> **Your goal**
Take each line of the records below that contains the string "INSTITUTE" and copy it.

=====

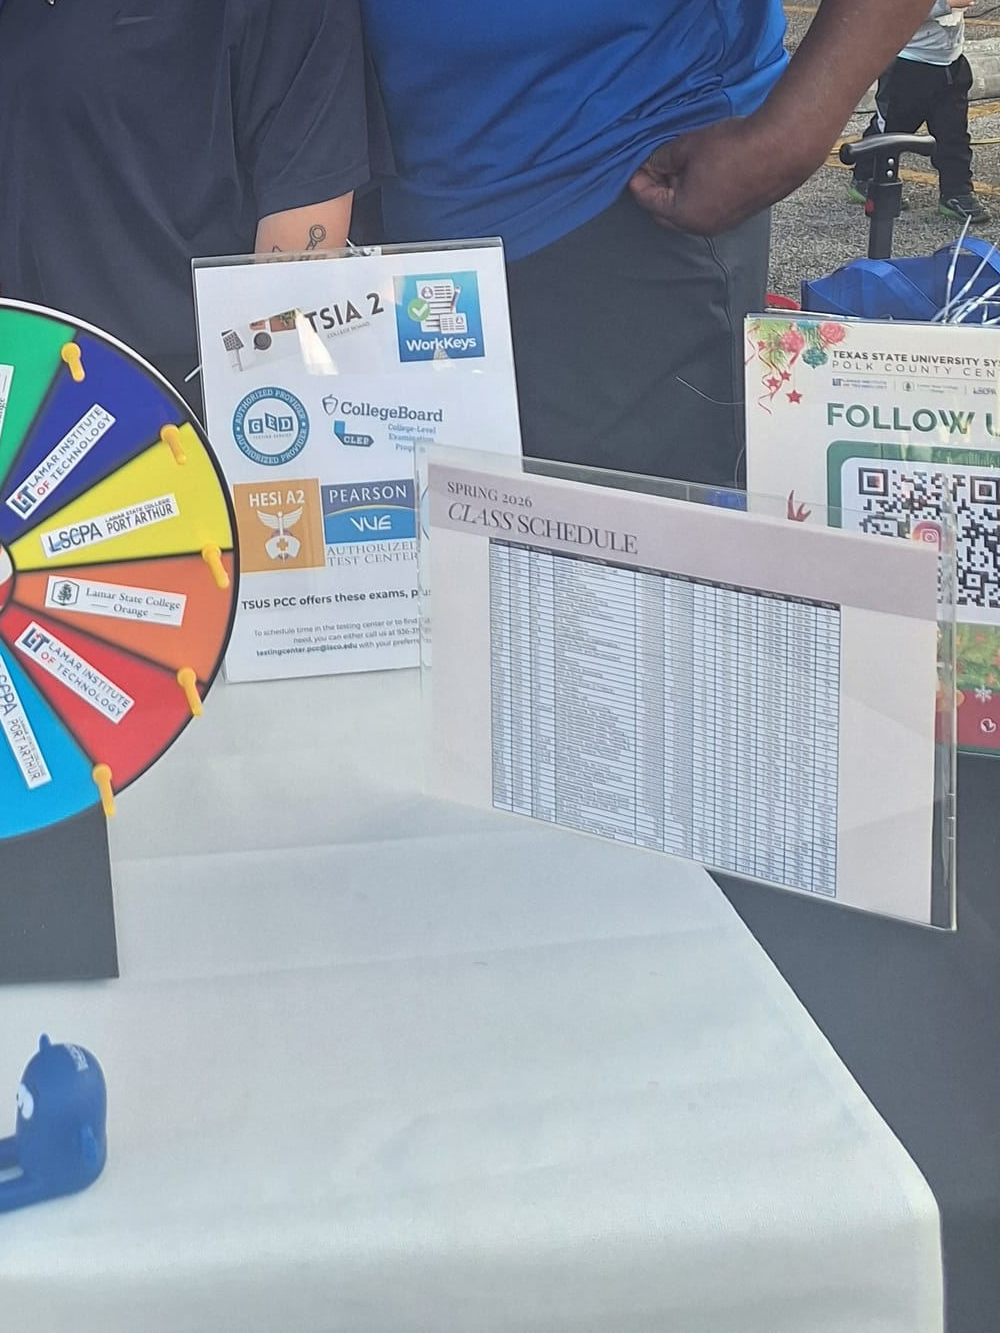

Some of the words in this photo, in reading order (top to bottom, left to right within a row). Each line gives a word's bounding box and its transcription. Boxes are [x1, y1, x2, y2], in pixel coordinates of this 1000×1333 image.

[304, 300, 362, 333] TSIA
[366, 292, 384, 315] 2
[406, 337, 476, 351] WorkKeys
[832, 360, 873, 370] POLK
[885, 363, 951, 374] COUNTY
[833, 351, 868, 360] TEXAS
[872, 352, 908, 362] STATE
[912, 354, 980, 366] UNIVERSITY
[340, 402, 443, 422] CollegeBoard
[827, 402, 975, 434] FOLLOW
[251, 416, 291, 432] GED
[27, 454, 59, 487] LAMAR
[59, 407, 103, 456] INSTITUTE
[344, 435, 370, 445] CLEP
[37, 481, 50, 495] OF
[50, 414, 111, 481] TECHNOLOGY
[287, 490, 305, 504] A2
[329, 485, 408, 504] PEARSON
[448, 481, 498, 501] SPRING
[502, 493, 533, 507] 2026
[107, 517, 132, 534] PORT
[135, 504, 174, 525] ARTHUR
[350, 515, 392, 532] VUE
[449, 502, 514, 530] CLASS
[518, 514, 638, 554] SCHEDULE
[48, 522, 103, 552] LSCPA
[329, 555, 361, 566] TEST
[365, 552, 418, 563] CENTER
[86, 588, 117, 600] Lamar
[119, 592, 143, 604] State
[145, 597, 181, 610] College
[241, 599, 270, 610] TSUS
[274, 597, 296, 607] PCC
[299, 594, 332, 606] offers
[335, 592, 366, 603] these
[369, 589, 408, 600] exams,
[113, 604, 148, 618] Orange
[336, 622, 361, 632] testing
[359, 641, 375, 649] with
[40, 652, 56, 664] OF
[57, 663, 123, 716] TECHNOLOGY
[49, 642, 82, 671] LAMAR
[82, 667, 131, 708] INSTITUTE
[8, 718, 26, 741] PORT
[17, 743, 42, 781] ARTHUR

=====

> **Task answer**
[59, 407, 103, 456] INSTITUTE
[82, 667, 131, 708] INSTITUTE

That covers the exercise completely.